On my way up to the deck I met three more of our lieutenants, and we exchanged accounts of our experiences. From them I learned that our Commander had been saved, and was also on board; but there was no news of the Captain. Some days later I heard that his body had been picked up, and it was thought that he had been killed by the falling of the pinnace when the ship turned over just before she sank.
At 7.30 we put to sea and proceeded to Port Mudros. On the way, and after divisions, the lower deck was cleared, the whole ship's company, together with the survivors from our ship, mustered on the quarter-deck, and then took place a mournful ceremony, which poignantly brought home to us the fate we had so narrowly escaped.
Through the battery—very softly—came the sound of muffled drums, growing gradually louder as the band advanced. Then appeared a procession of seamen from our lost ship, headed by the Lord Nelson's chaplain, and carrying three stretchers, on each of which lay a body covered with the Union Jack. The first was that of our Fleet paymaster, and the other two those of a seaman and marine respectively. The bodies were lifted from the stretchers and laid reverently on a platform slanting towards the water, which had been erected on the port side.
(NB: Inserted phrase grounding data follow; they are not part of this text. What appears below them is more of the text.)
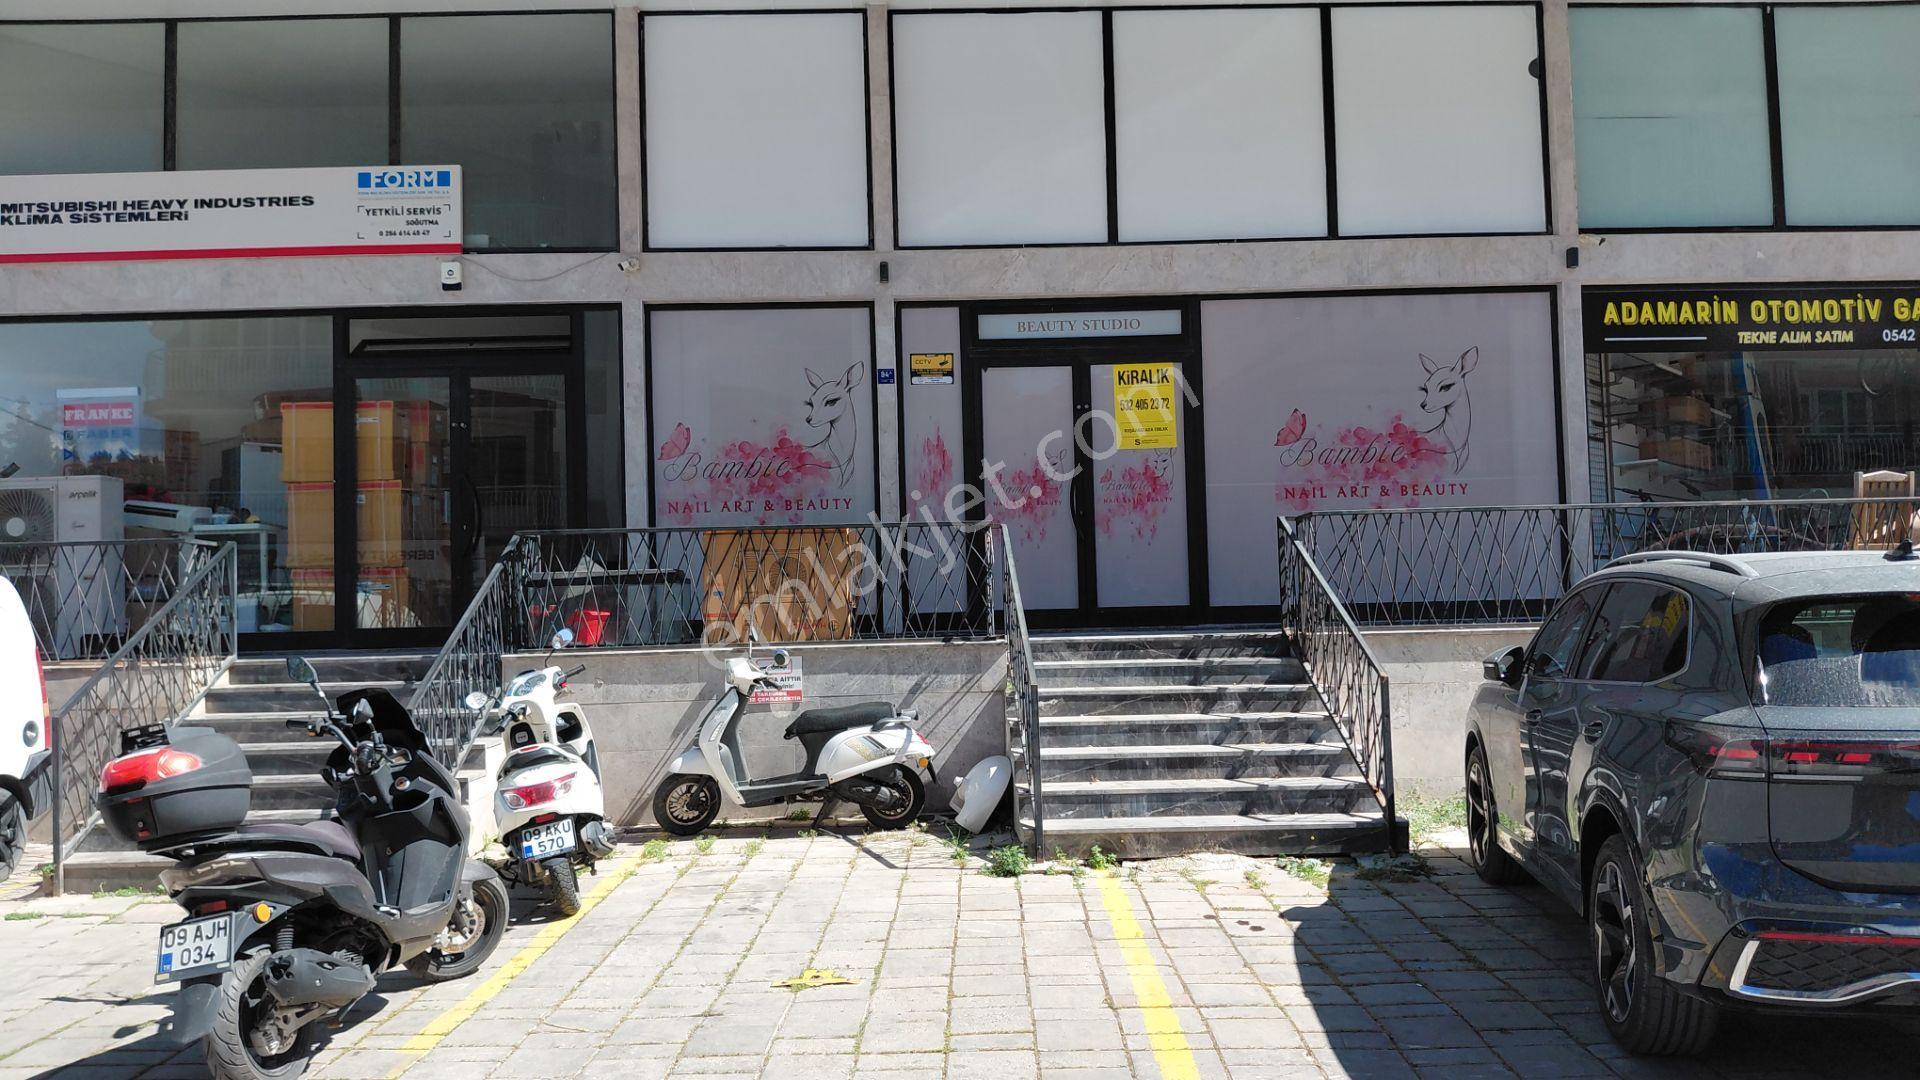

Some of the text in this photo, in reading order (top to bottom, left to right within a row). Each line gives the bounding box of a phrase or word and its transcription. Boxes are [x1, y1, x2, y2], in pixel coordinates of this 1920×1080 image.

[371, 170, 438, 188] FORM
[0, 195, 315, 213] MITSUBISHI HEAVY INDUSTRIES
[406, 205, 442, 216] SERVİS
[1603, 295, 1739, 325] ADAMARİN
[1750, 293, 1882, 324] OTOMOTİV
[1017, 318, 1141, 333] BEAUTY STUDIO
[1738, 329, 1916, 344] TEKNE ALIM SATIM 0542
[1135, 398, 1149, 411] 405
[1160, 397, 1170, 410] 72
[64, 408, 133, 421] FRANKE
[1279, 434, 1408, 467] Bambie
[663, 447, 792, 482] Bambie
[1284, 483, 1469, 499] NAIL ART & BEAUTY
[668, 498, 853, 515] NAIL ART & BEAUTY
[523, 820, 571, 842] 09 AKU
[537, 836, 565, 853] 570
[165, 919, 228, 948] 09 AJH
[180, 943, 216, 966] 034
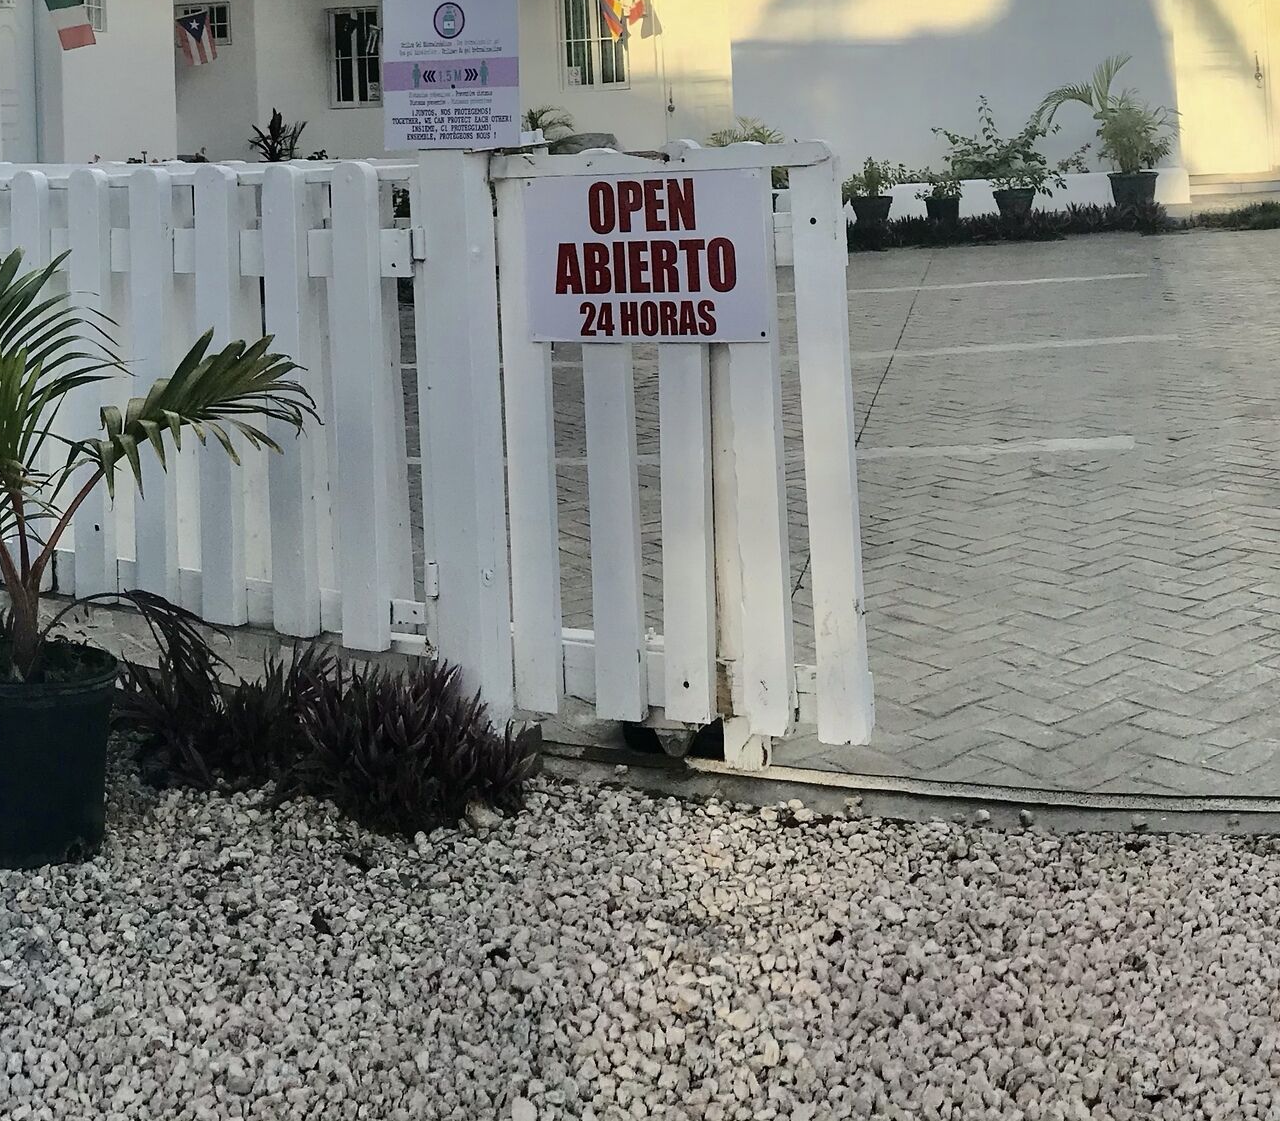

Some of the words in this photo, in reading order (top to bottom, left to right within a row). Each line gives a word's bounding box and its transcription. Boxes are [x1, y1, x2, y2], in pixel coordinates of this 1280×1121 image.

[434, 116, 445, 124] CAN
[447, 116, 472, 124] PROTECT
[474, 115, 489, 123] EACH
[440, 108, 451, 116] NOS
[588, 177, 696, 235] OPEN
[555, 237, 737, 295] ABIERTO
[579, 301, 615, 337] 24
[620, 299, 717, 337] HORAS
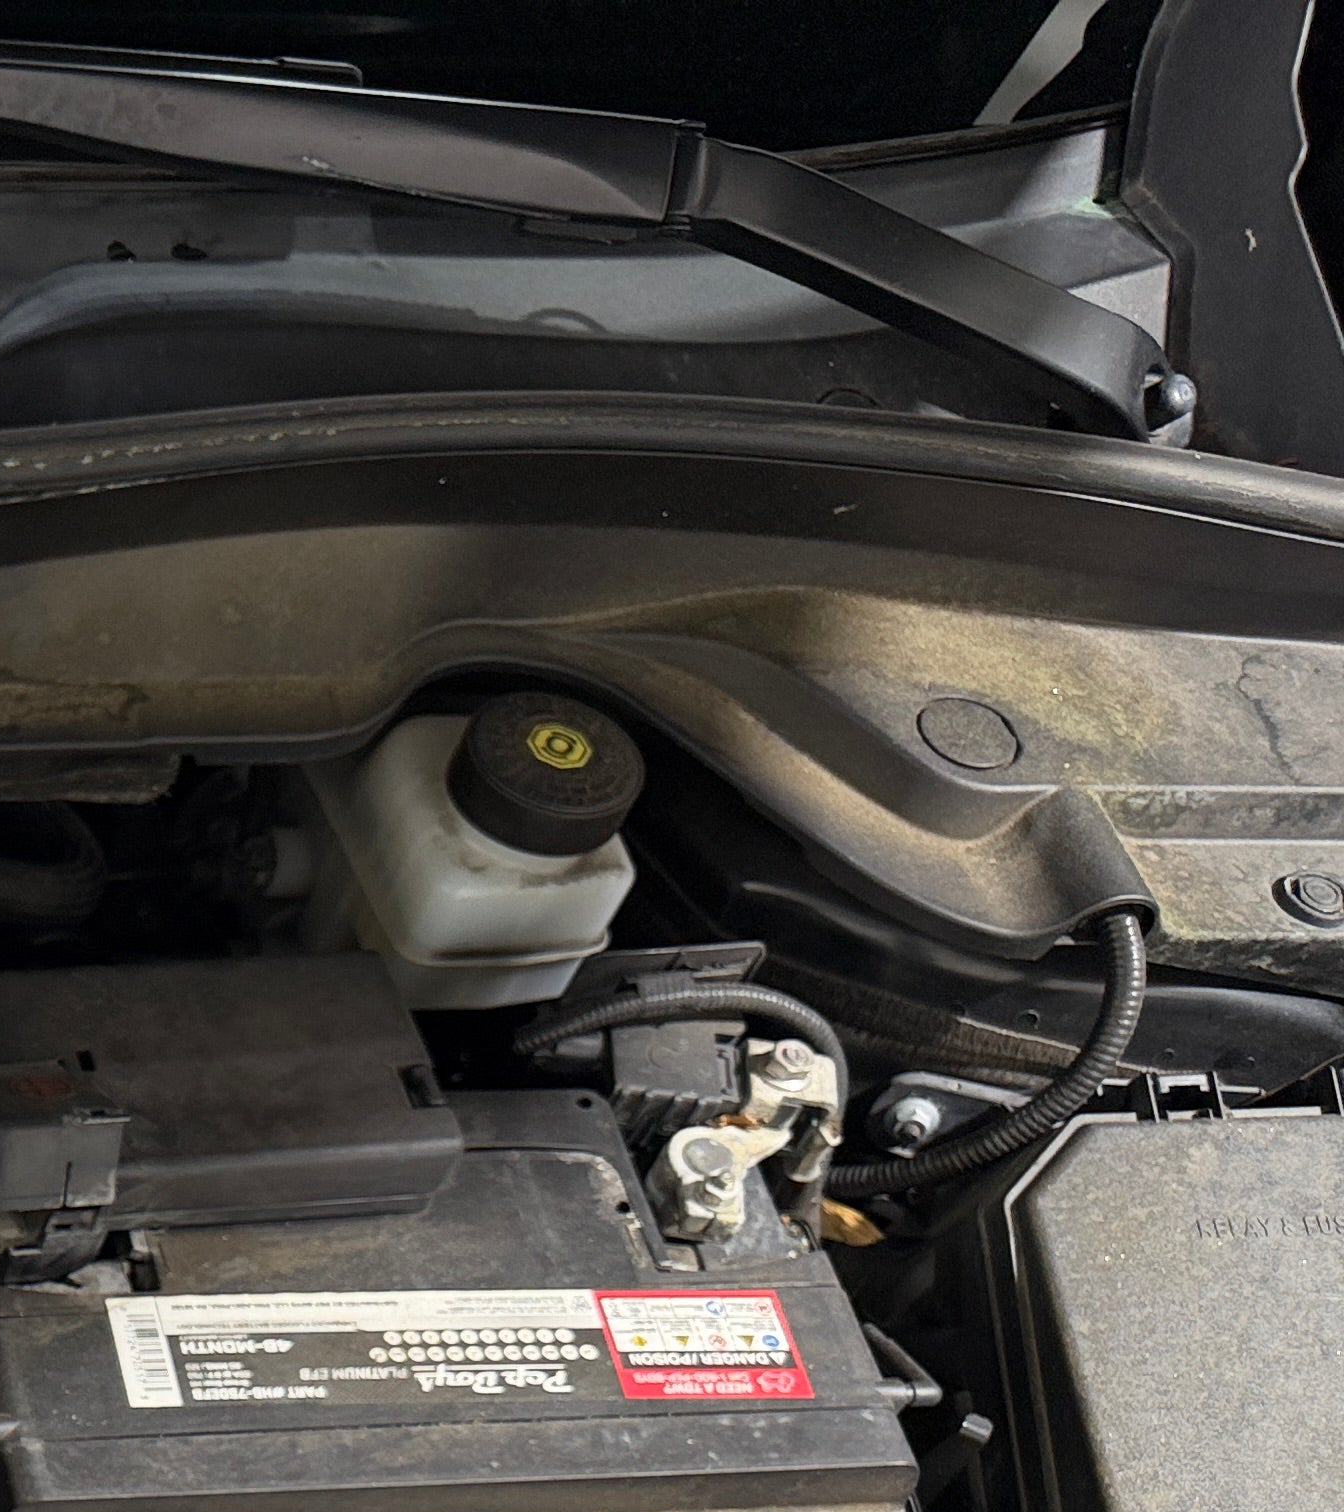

Clearly and solemnly the chaplain recited the beautiful Burial Service, and as he uttered the words "we therefore commit their bodies to the deep," the staging was tilted and the weighted corpses slid feet foremost into the sea.
The service ended with three volleys fired over the side and then the long sobbing wail of the "Last Post" rang out across the still waters in final farewell.
When we were dismissed we went below in silence, awed by the solemnity of this last committal to the deep of those with whom we had lived and worked side by side for ten long months.
(The midshipman here describes his voyage home, closing with this expostulation from his mother: "I had not seen him since he left Dartmouth nearly fourteen months before. Then he was a round-faced, rosy boy. Up the steps, dragging a seaman's canvas kit bag came a tall, thin figure, white of face, drawn, haggard—incredibly old. I had not quite realized this. For a second my heart stood still—where was my boy? Then he saw me waiting in the hall and his face lit with half credulous joyous wonder, 'Mother! you here!' My boy was gone forever—but my son had come home.")
FOOTNOTE:
[11] All numerals relate to stories told herein—not to chapters in the book.